• PROVIDED RECORDS
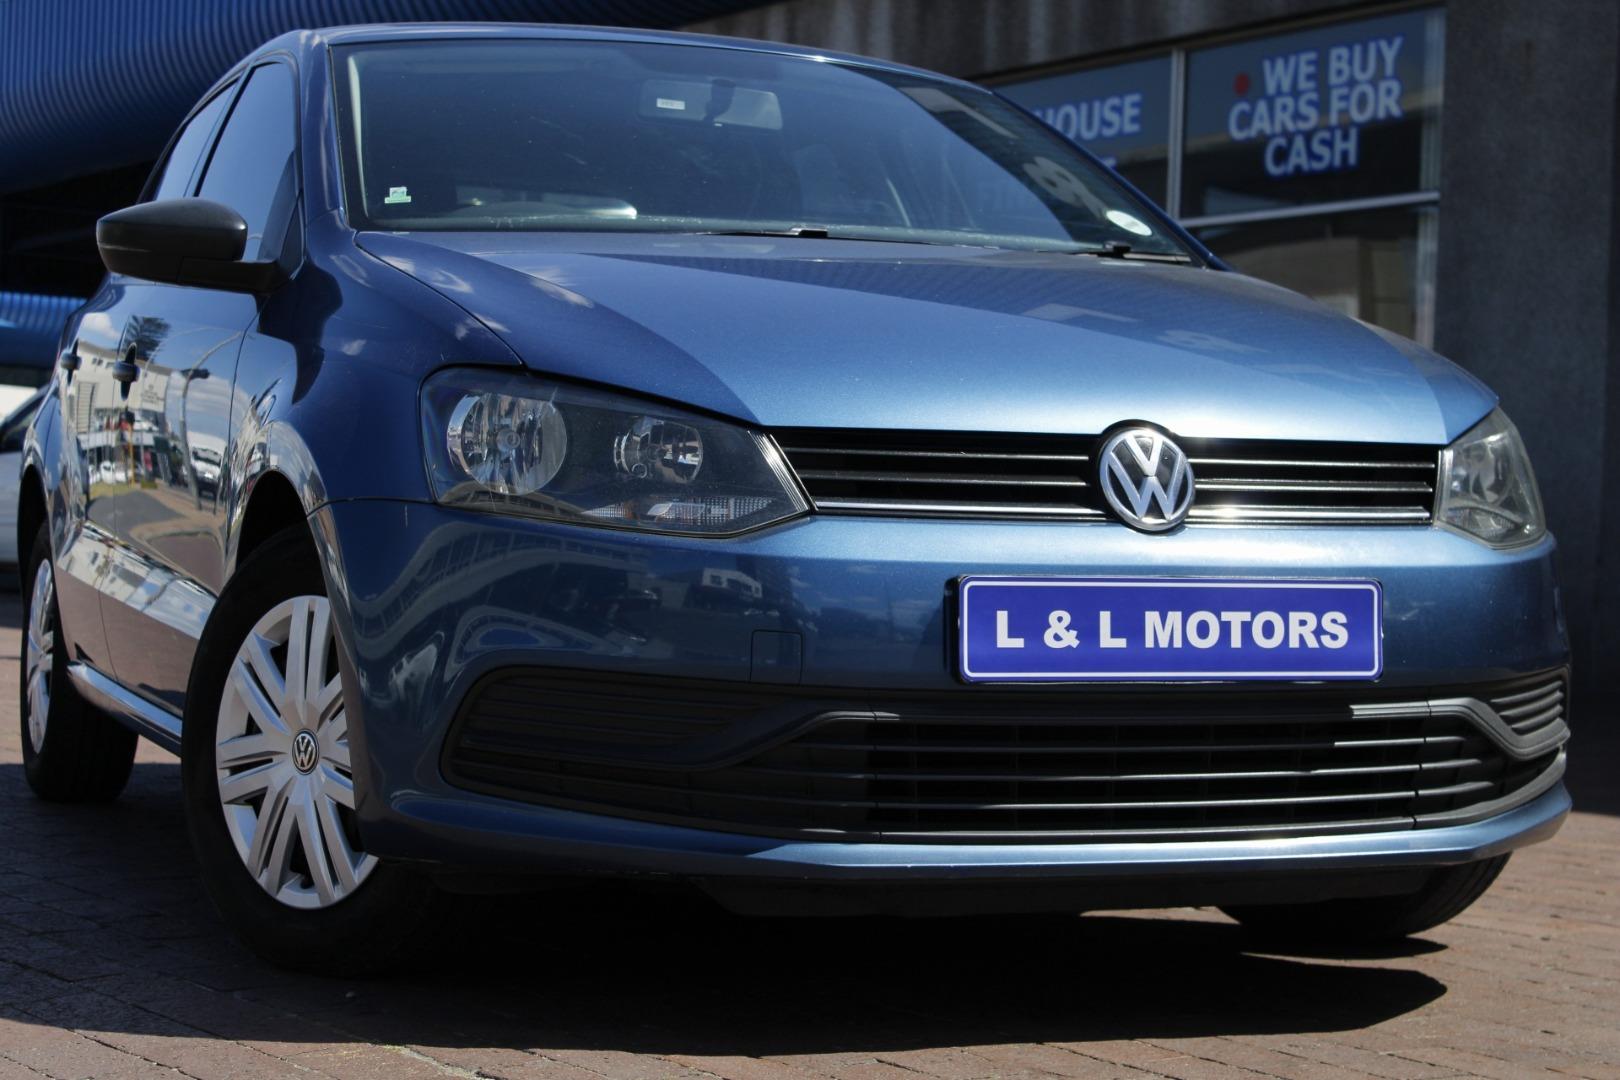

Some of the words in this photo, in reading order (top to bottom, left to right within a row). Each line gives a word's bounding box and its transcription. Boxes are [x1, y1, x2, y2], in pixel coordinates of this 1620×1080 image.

[1264, 51, 1318, 97] WE
[1329, 36, 1404, 85] BUY
[1229, 92, 1318, 141] CARS
[1329, 80, 1403, 126] FOR
[1265, 127, 1358, 176] CASH
[1103, 429, 1190, 526] VW
[996, 611, 1025, 648] L
[1044, 610, 1080, 649] &
[1100, 611, 1127, 648] L
[1145, 610, 1349, 649] MOTORS
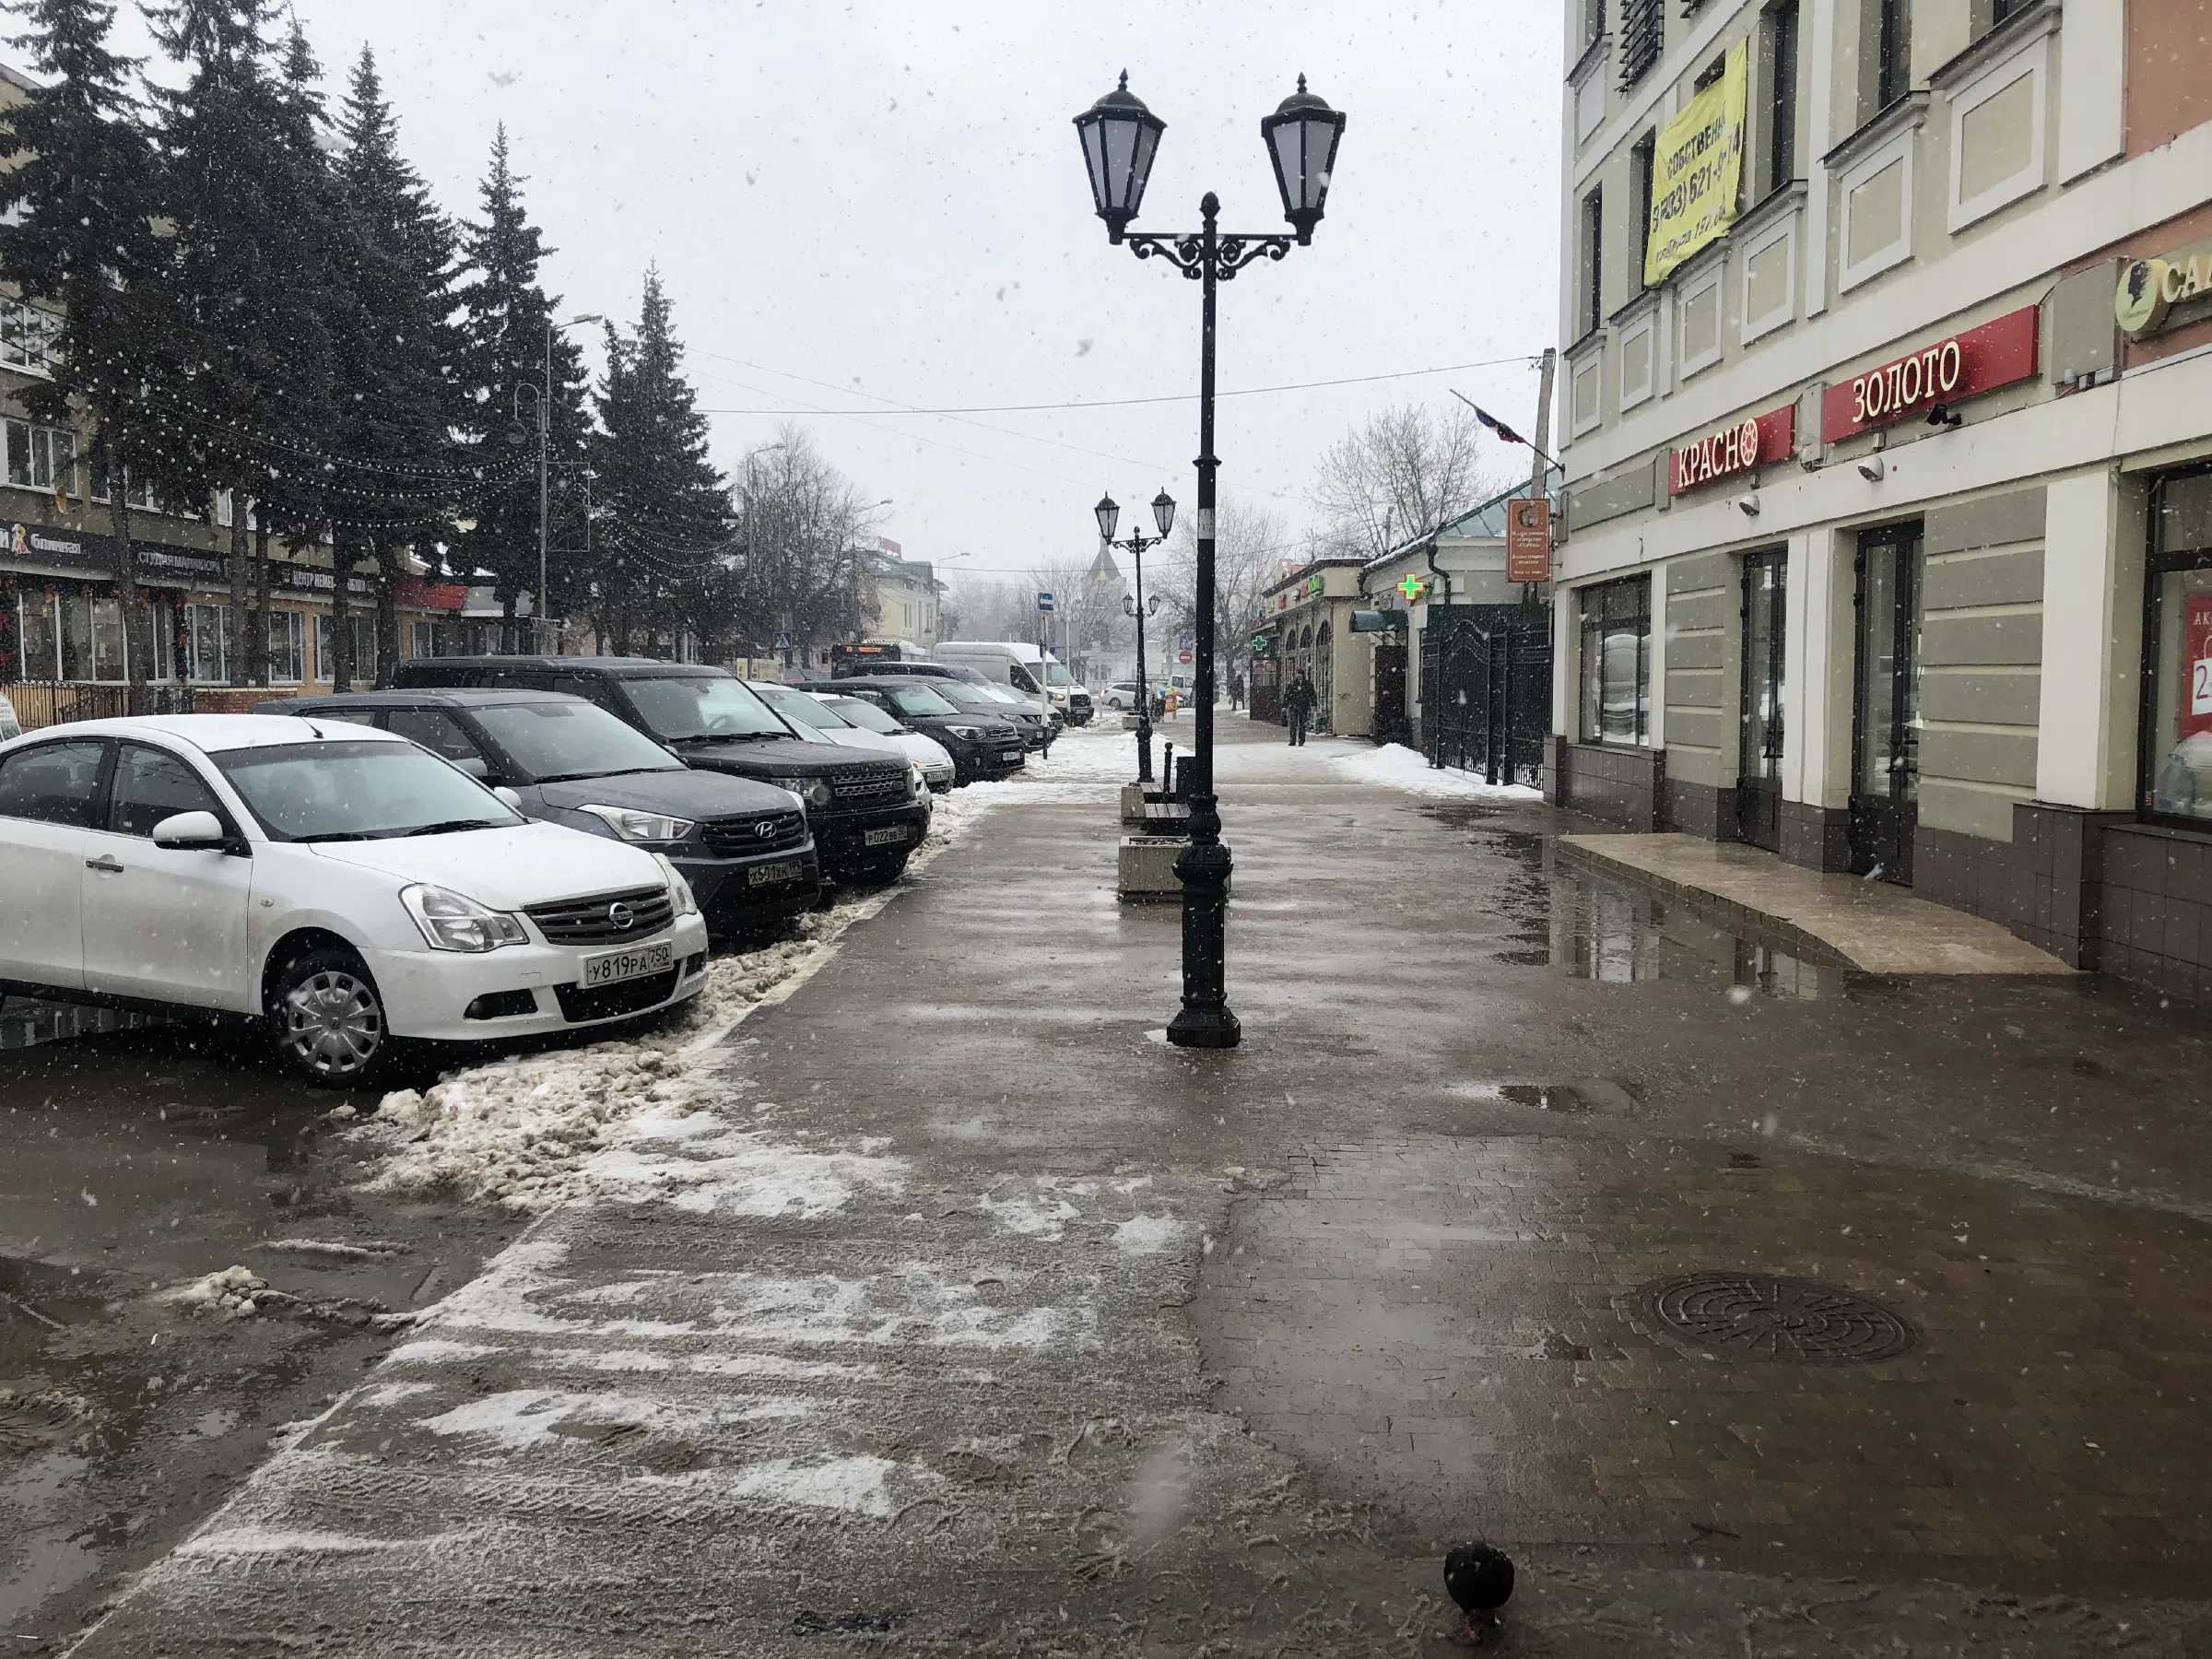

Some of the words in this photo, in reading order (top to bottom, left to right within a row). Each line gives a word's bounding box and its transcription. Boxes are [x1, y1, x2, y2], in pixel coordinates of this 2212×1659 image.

[1852, 340, 1960, 424] ЗОЛОТО
[138, 551, 174, 568] СТУДИЯ
[175, 556, 221, 572] МАНИКЮРА
[2194, 611, 2212, 626] АК
[592, 956, 648, 981] У819РА
[648, 947, 669, 964] 750

• THE TASK
Copy out every entry above verbatim. Leave each picture out.

• ANSWER BOX
Some of the words in this photo, in reading order (top to bottom, left to right within a row). Each line gives a word's bounding box and its transcription. Boxes are [x1, y1, x2, y2], in pixel coordinates of this 1620×1080 image.

[1264, 51, 1318, 97] WE
[1329, 36, 1404, 85] BUY
[1229, 92, 1318, 141] CARS
[1329, 80, 1403, 126] FOR
[1265, 127, 1358, 176] CASH
[1103, 429, 1190, 526] VW
[996, 611, 1025, 648] L
[1044, 610, 1080, 649] &
[1100, 611, 1127, 648] L
[1145, 610, 1349, 649] MOTORS

Some of the words in this photo, in reading order (top to bottom, left to right within a row). Each line gives a word's bounding box and its transcription. Boxes are [x1, y1, x2, y2], in pixel coordinates of this 2212×1659 image.

[1852, 340, 1960, 424] ЗОЛОТО
[138, 551, 174, 568] СТУДИЯ
[175, 556, 221, 572] МАНИКЮРА
[2194, 611, 2212, 626] АК
[592, 956, 648, 981] У819РА
[648, 947, 669, 964] 750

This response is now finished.